Despite the prescribed technique, however, individual signatures and errors remain recognizable, and thus the wallpaper pieces always draw attention to the humans behind the working process. Through the payment of the young producers (according to §6 of the Youth Worker Protection Act), the artist also casts a critical look at the precarious working conditions prevalent in today’s creative industries.

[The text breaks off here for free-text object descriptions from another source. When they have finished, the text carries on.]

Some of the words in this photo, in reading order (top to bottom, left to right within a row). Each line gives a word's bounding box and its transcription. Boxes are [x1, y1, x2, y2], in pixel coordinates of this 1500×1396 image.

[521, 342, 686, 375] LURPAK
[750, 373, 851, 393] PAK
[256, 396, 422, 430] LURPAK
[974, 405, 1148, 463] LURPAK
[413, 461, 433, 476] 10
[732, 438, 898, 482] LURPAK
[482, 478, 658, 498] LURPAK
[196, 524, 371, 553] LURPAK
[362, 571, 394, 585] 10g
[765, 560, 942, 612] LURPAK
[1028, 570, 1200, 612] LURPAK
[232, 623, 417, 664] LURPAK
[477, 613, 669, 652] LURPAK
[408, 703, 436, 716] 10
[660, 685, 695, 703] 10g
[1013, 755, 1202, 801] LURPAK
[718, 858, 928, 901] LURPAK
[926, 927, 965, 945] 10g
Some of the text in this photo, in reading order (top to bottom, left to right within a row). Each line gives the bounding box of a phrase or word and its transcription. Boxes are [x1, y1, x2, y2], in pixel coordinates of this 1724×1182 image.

Wiegard designed the square pattern of the new wallpaper in the large gallery hall according to the golden ratio, in response to the modernist, New Objectivity-style architecture of the Milchhof Building, in which the Kunstverein Nürnberg resides. The work, titled Square Dance (2016), visually stores in its grid lines the labour hours and the specific choreography of each of its four young workers. Wiegard’s large-format work Spalier, which was created by five artists during a performance at Hebbel am Ufer, Berlin (2011), and the wallpaper Überfließband, produced during his Kids’ Factory project at Gallery M in Marzahn-Hellersdorf, Berlin (2015), were likewise created according to the artist’s predefined instructions. In contrast, the pattern for the drawing 9to5 (2011) was carried out by the artist himself over a period of 8 continuous hours. Its juxtaposition with the team-produced wallpaper highlights the often-fluid transition between authorship and assistance in the contemporary art system.

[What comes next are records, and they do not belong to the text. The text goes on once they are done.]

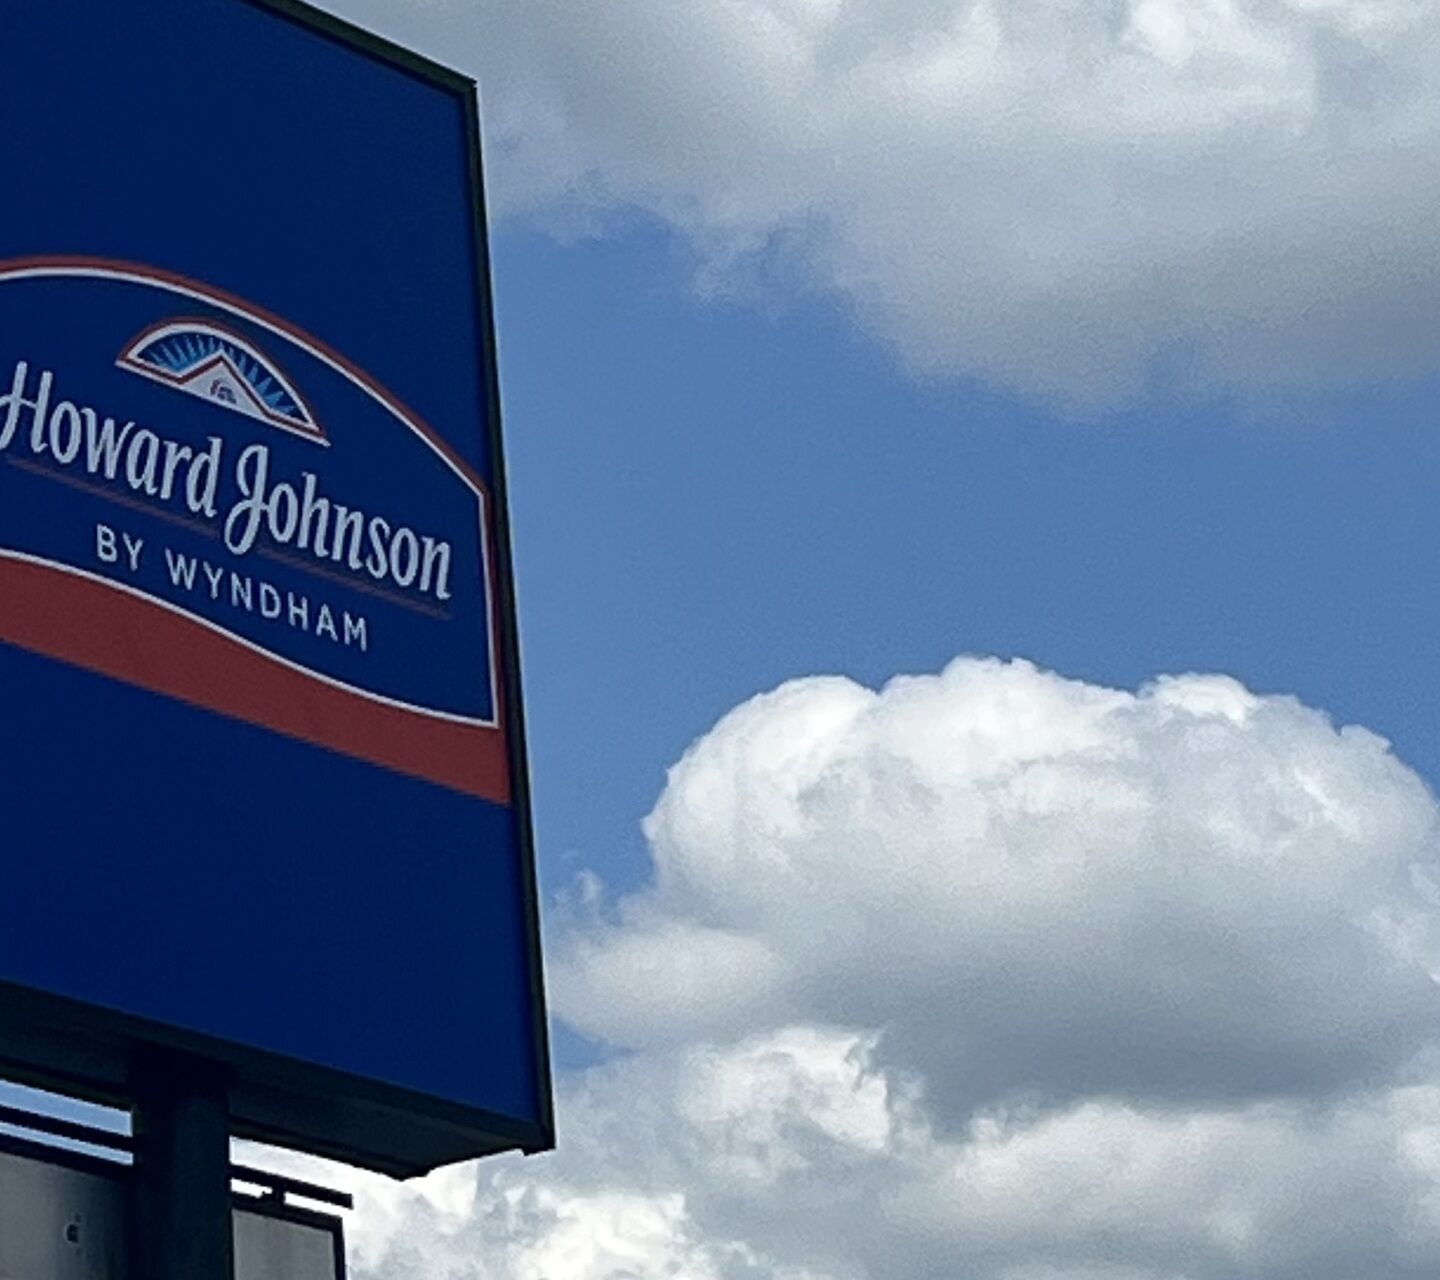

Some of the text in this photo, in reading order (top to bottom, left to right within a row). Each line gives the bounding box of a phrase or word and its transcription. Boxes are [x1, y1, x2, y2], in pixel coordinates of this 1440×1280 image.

[95, 524, 368, 651] BY WYNDHAM
[224, 444, 452, 600] Johnson
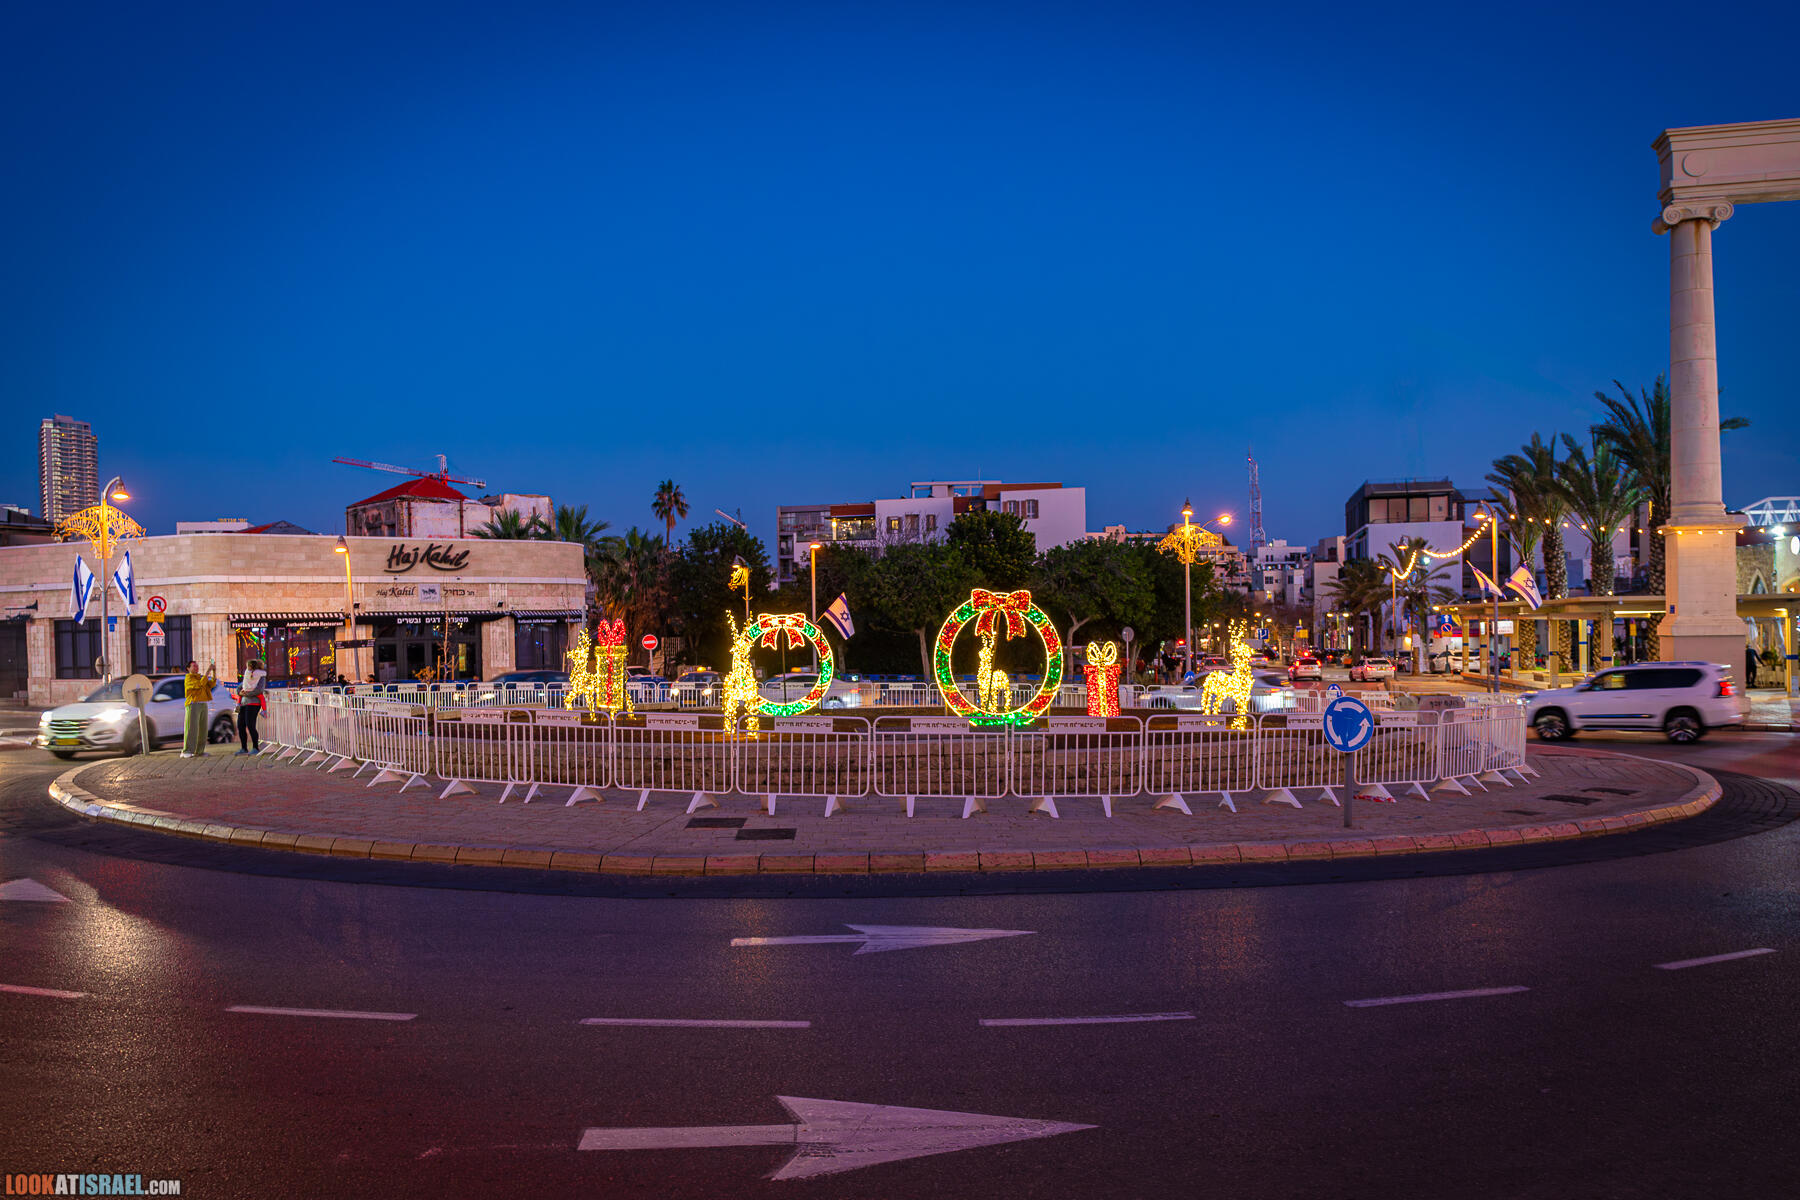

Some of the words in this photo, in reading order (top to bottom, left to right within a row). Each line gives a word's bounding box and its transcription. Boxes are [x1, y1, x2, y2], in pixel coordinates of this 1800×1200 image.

[384, 543, 419, 573] Haj
[420, 543, 470, 571] Kahil
[376, 589, 387, 598] Haj
[388, 586, 416, 597] Kahil
[443, 586, 465, 596] כחיל

In his works, Christodoulos Panayiotou addresses the variability of economic and symbolic values, and the impact these have on cultural traditions and identities. He activates personally, culturally and historically significant materials and artefacts and transforms them into art works by adding another layer of narration to their original function. The work Untitled (2016) belongs to a series of custom-made shoes produced from used leather and leatherette purses of women close to him. This artistic commission triggers an increase in value that transforms the serially produced handbags into a handmade luxury, and ultimately into a sculptural art object. Panayiotou similarly addresses this notion of value exchange in his work Pulp (2016), in which discarded US dollar bill misprints were recycled into a sheet of monochrome paper. In addition to other works, in the Price of Copper, no. 4 (2016) a single cathode of copper in its raw material form is transformed into an improvised fountain. The work makes reference to the economic history of the island of Cyprus – from whose name the Latin word for copper, cuprum, is derived – as well as to the current shortage of copper on the world market, and the representative significance of the fountain, which since antiquity has been used indoors as a symbol for prosperity and wealth. At the same time, the title of Panayiotou’s work is borrowed from the Der Messingkauf parable (often translated as Price of Copper) by Bertolt Brecht. In his story about a client who wants to buy a trumpet because he is only interested in the metal, Brecht emphasises the differences between the material value and the added value of cultural goods.

Finally, the artists unify their artistic practice in the drawing Untitled (2014), which is presented in the last exhibition space. The work was created in the context of the their project The Permeability of Certain Matters at the Spring Workshop exhibition space in Hong Kong, 2014. In several of his works, Panayiotou has been concerned with the historical tradition of ballet and with stage directions for the realization of his projects. In a dance phrase choreographed by Panayiotou, six girls step simultaneously across a sheet of paper that has been smeared with distemper paint. The pattern layout was conceptualized before by Wiegard using colored wallpaper paste. The work could be seen as embodying an interwoven, collective production process – from the decision concerning the formal starting point, to the concept of the dance movements, and the execution by the young performers.